- About this task -
Make an exact copy of all the entries, with the pictures left out.

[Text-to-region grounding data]
· · · · · · ·

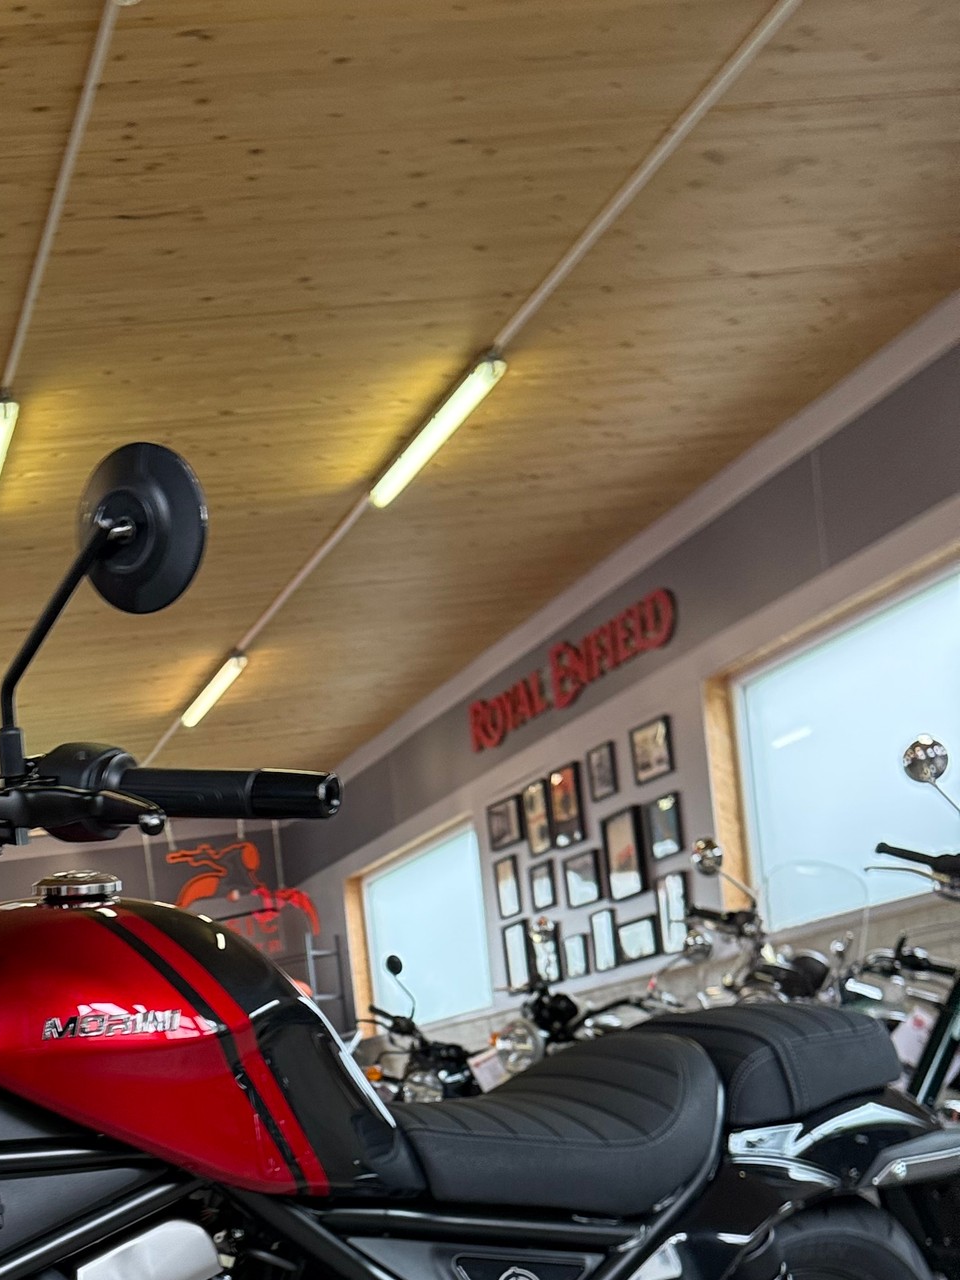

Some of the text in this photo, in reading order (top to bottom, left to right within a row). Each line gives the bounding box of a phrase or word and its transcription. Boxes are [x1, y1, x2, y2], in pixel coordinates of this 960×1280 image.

[469, 587, 676, 753] ROYAL ENFIELD
[42, 1009, 181, 1041] MORINI
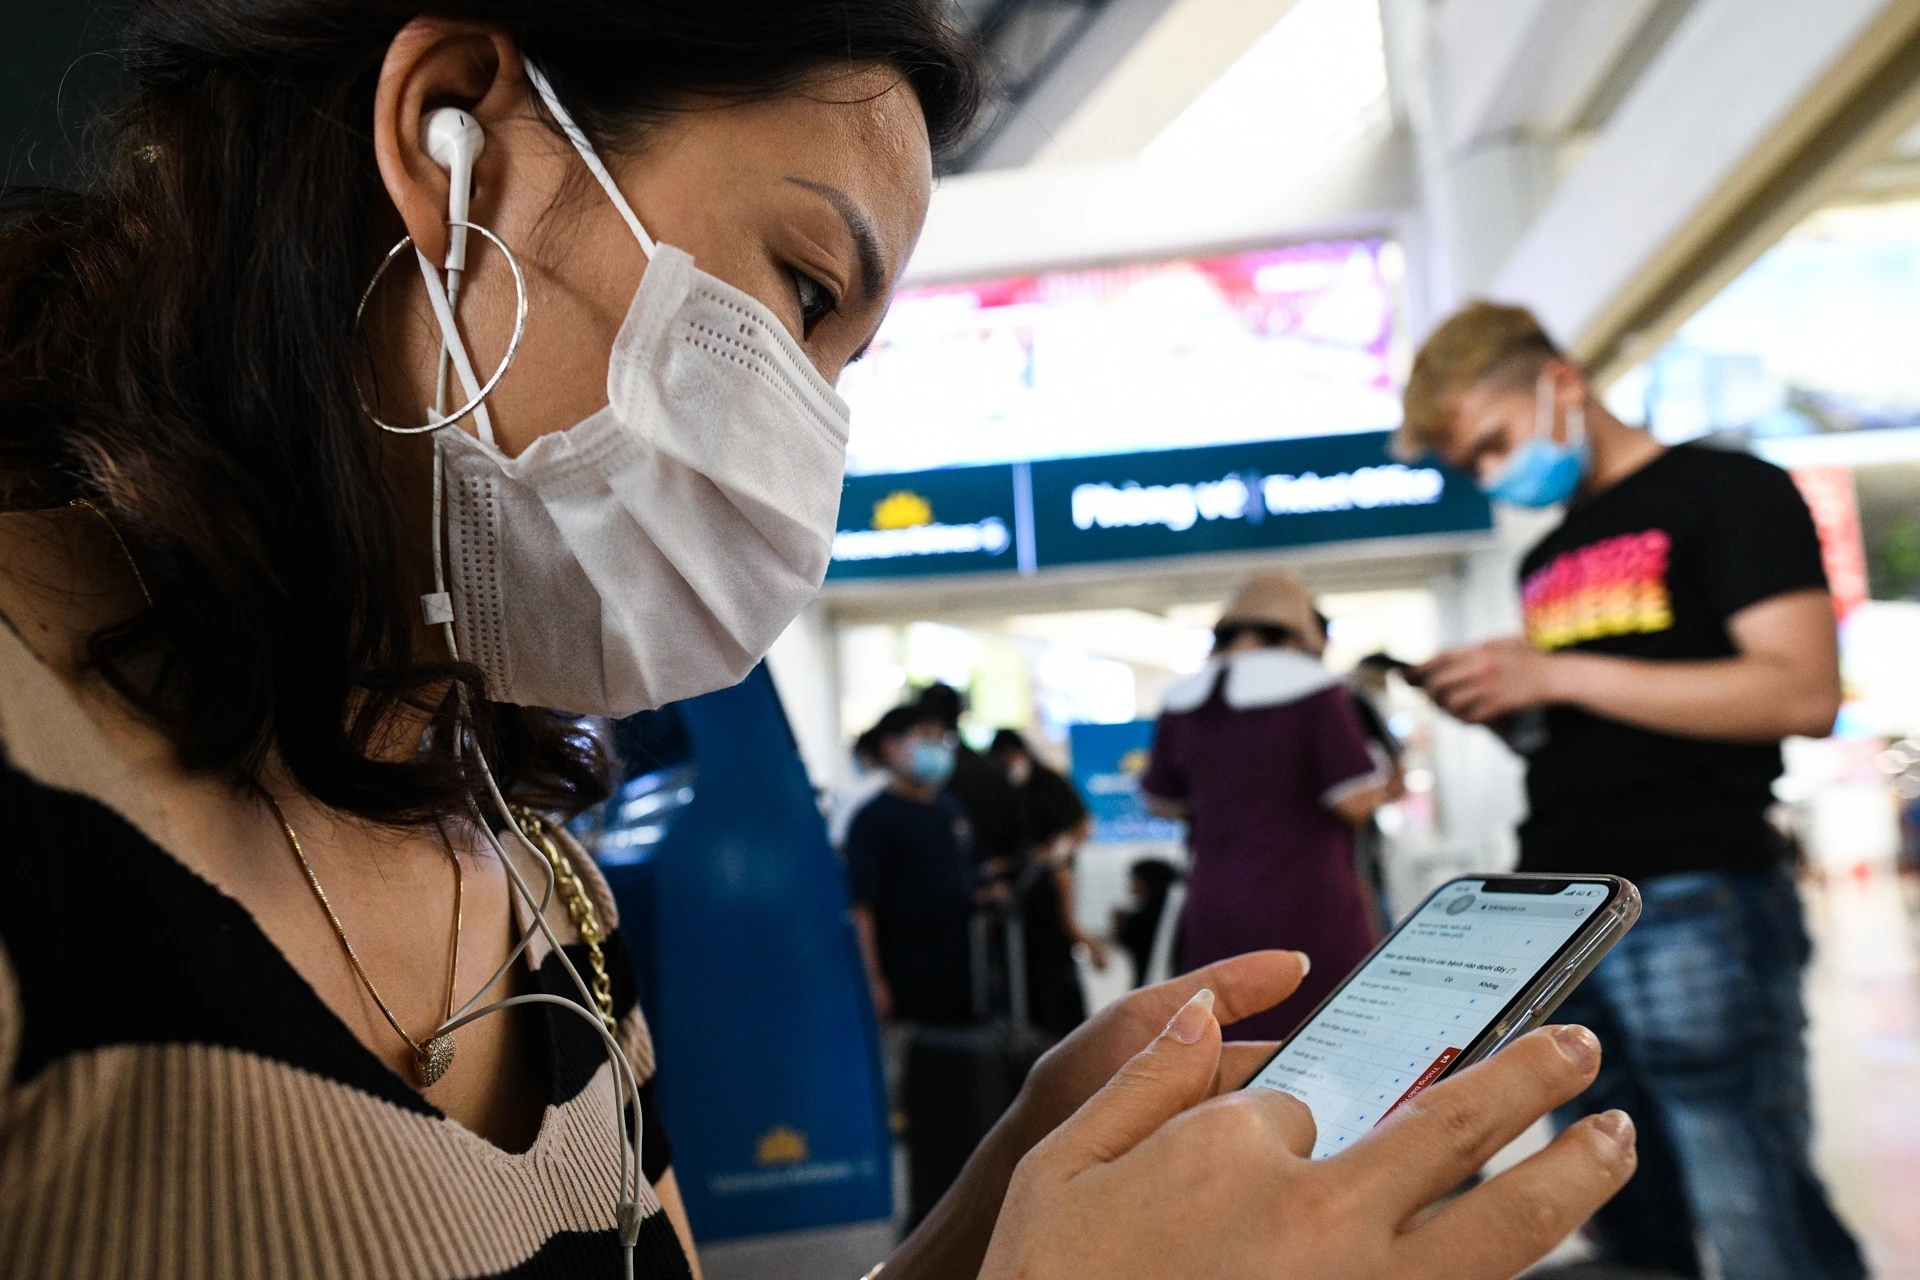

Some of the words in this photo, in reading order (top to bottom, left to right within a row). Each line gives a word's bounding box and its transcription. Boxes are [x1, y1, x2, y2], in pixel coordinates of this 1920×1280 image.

[1493, 964, 1508, 973] đây
[1478, 980, 1500, 990] Không
[1418, 1066, 1441, 1086] Thông
[1407, 1086, 1422, 1098] báo
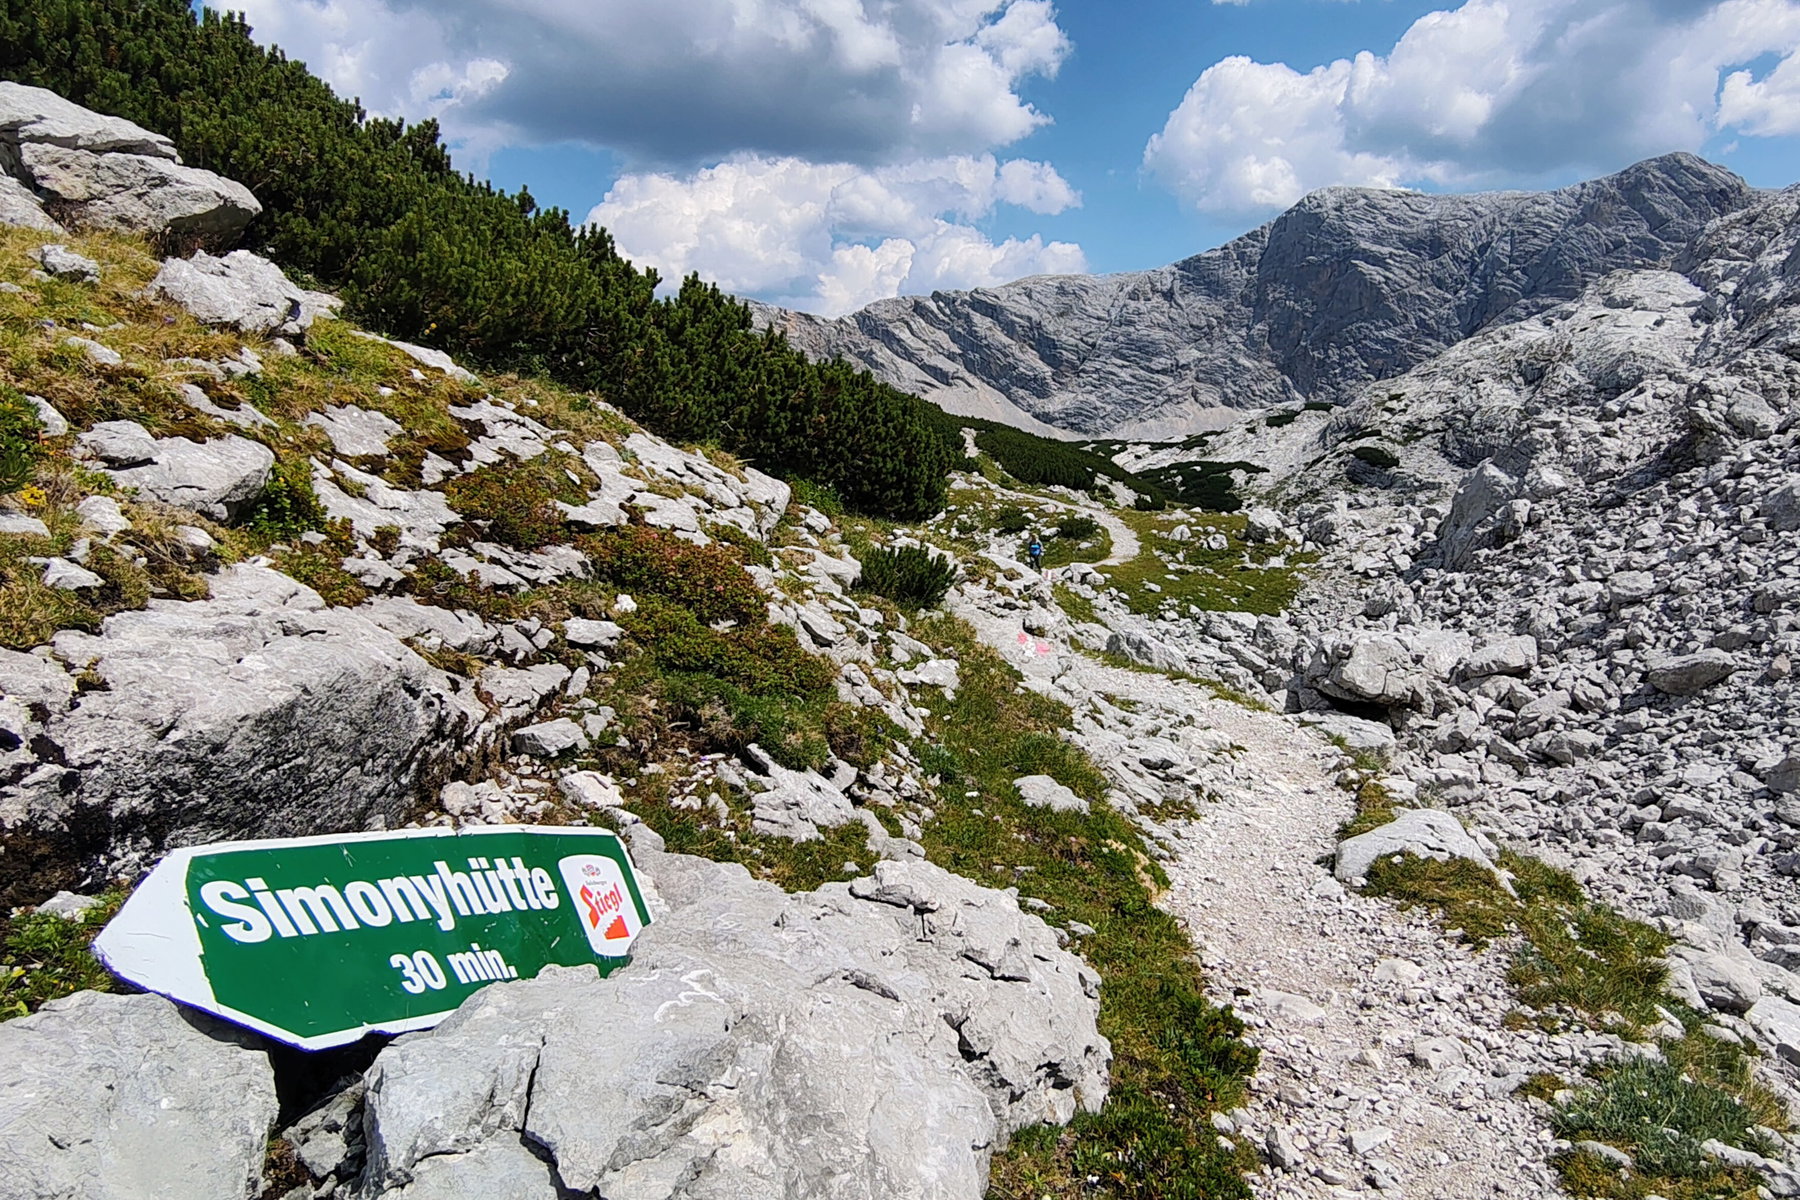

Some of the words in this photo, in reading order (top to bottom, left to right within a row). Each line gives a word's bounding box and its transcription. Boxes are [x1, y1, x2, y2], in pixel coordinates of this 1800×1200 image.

[200, 857, 559, 943] Simonyhütte
[580, 882, 623, 930] Stiegl
[390, 950, 447, 994] 30
[447, 943, 518, 984] min.
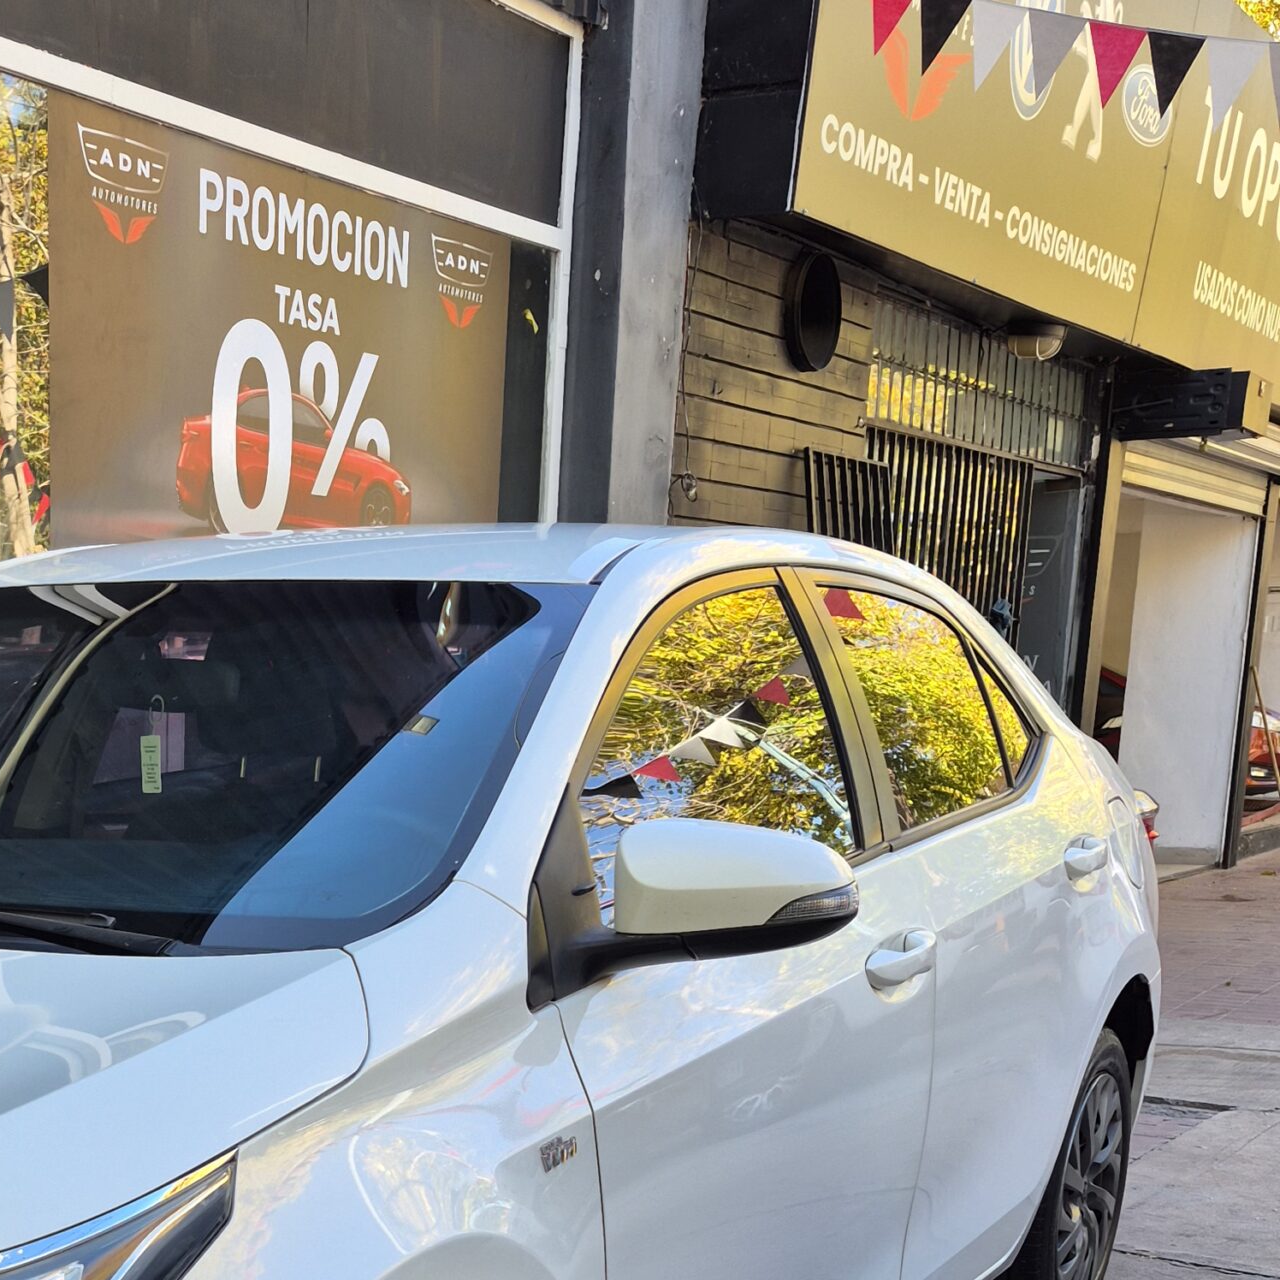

· · · · · · ·

- Solution -
Some of the text in this photo, in reading order (top to bottom, left to right within a row). Each line gives the bounding box of a phrase or word and its transcription. Boxes are [x1, y1, x2, y2], in pixel coordinates of this 960×1280 image.

[469, 587, 676, 753] ROYAL ENFIELD
[42, 1009, 181, 1041] MORINI

Some of the words in this photo, in reading order (top to bottom, left to right within a row). Each line gives a word's bounding box and its transcription. Boxes are [x1, y1, x2, y2], in pixel coordinates of this 1920×1280 image.

[1493, 964, 1508, 973] đây
[1478, 980, 1500, 990] Không
[1418, 1066, 1441, 1086] Thông
[1407, 1086, 1422, 1098] báo

Some of the words in this photo, in reading order (top to bottom, left to right within a row). Each line gives a word's bounding box and its transcription. Boxes are [x1, y1, x2, y2], in pixel coordinates of this 1800×1200 image.

[200, 857, 559, 943] Simonyhütte
[580, 882, 623, 930] Stiegl
[390, 950, 447, 994] 30
[447, 943, 518, 984] min.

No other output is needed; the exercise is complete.